Wake Up and Dream is a science fiction novel by Ian R. MacLeod. The novel is set in an alternate version of the 1940s, where "feelies", a form of cinema that allows the audience to directly experience the emotions of the characters, are a primary form of entertainment, putting actors such as Clark Gable, the protagonist, out of work.
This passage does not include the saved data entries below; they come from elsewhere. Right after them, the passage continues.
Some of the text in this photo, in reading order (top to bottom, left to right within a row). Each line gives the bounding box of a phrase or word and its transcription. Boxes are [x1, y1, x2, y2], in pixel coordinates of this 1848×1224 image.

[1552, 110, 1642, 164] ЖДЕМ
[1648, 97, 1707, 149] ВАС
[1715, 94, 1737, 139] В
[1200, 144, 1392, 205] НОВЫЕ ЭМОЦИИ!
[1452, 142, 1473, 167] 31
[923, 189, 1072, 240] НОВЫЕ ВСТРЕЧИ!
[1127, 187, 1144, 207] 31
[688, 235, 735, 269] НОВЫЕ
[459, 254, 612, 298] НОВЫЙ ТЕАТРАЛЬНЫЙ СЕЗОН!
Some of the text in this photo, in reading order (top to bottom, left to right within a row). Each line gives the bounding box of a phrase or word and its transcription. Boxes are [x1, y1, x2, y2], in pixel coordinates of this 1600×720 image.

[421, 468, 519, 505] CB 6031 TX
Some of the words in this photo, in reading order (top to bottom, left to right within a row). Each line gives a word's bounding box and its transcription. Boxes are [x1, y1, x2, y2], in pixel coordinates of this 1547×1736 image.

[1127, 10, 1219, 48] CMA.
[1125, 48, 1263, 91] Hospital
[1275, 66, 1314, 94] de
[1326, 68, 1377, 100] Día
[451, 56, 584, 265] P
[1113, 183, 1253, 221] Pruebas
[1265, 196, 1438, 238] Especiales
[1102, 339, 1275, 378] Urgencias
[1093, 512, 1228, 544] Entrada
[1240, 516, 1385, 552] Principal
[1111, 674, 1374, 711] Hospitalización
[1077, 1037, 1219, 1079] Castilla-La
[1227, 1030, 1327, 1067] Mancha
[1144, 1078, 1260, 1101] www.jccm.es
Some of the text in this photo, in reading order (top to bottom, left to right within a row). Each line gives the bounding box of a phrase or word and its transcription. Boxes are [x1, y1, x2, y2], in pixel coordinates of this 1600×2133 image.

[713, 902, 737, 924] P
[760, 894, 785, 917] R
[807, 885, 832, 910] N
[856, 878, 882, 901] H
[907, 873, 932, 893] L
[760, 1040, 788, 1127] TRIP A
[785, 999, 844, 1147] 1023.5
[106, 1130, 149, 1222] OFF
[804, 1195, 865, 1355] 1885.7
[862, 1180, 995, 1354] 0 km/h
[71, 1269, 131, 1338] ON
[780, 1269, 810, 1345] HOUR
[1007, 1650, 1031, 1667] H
This alternate Gable finds work as a Chandlerian private detective who uncovers a plot to use the feelies to turn the American public's attention away from the Second World War.

Editions
In addition to the trade hardcover, there was a signed, slipcased, limited edition of 100 copies produced with an ISBN of 978-1-84863-195-3. Also, purchasers of books from the PS Publishing table at Eastercon 2011 would receive a free chapbook, "Hector Douglas Makes A Sale" () containing the story of the same name by MacLeod, along with a short afterword on the origins of the story and the novel and the links between the two. In 2013, Wake Up and Dream was published as an e-book by Open Road Media.

Literary significance and reception
Eric Brown, writing in The Guardian, received the novel favorably, adding that it was strong enough to win the Arthur C. Clarke Award. 
Publishers Weekly praised MacLeod's eye for detail and dialogue skills, concluding that MacLeod "expertly hits all the hard-boiled beats".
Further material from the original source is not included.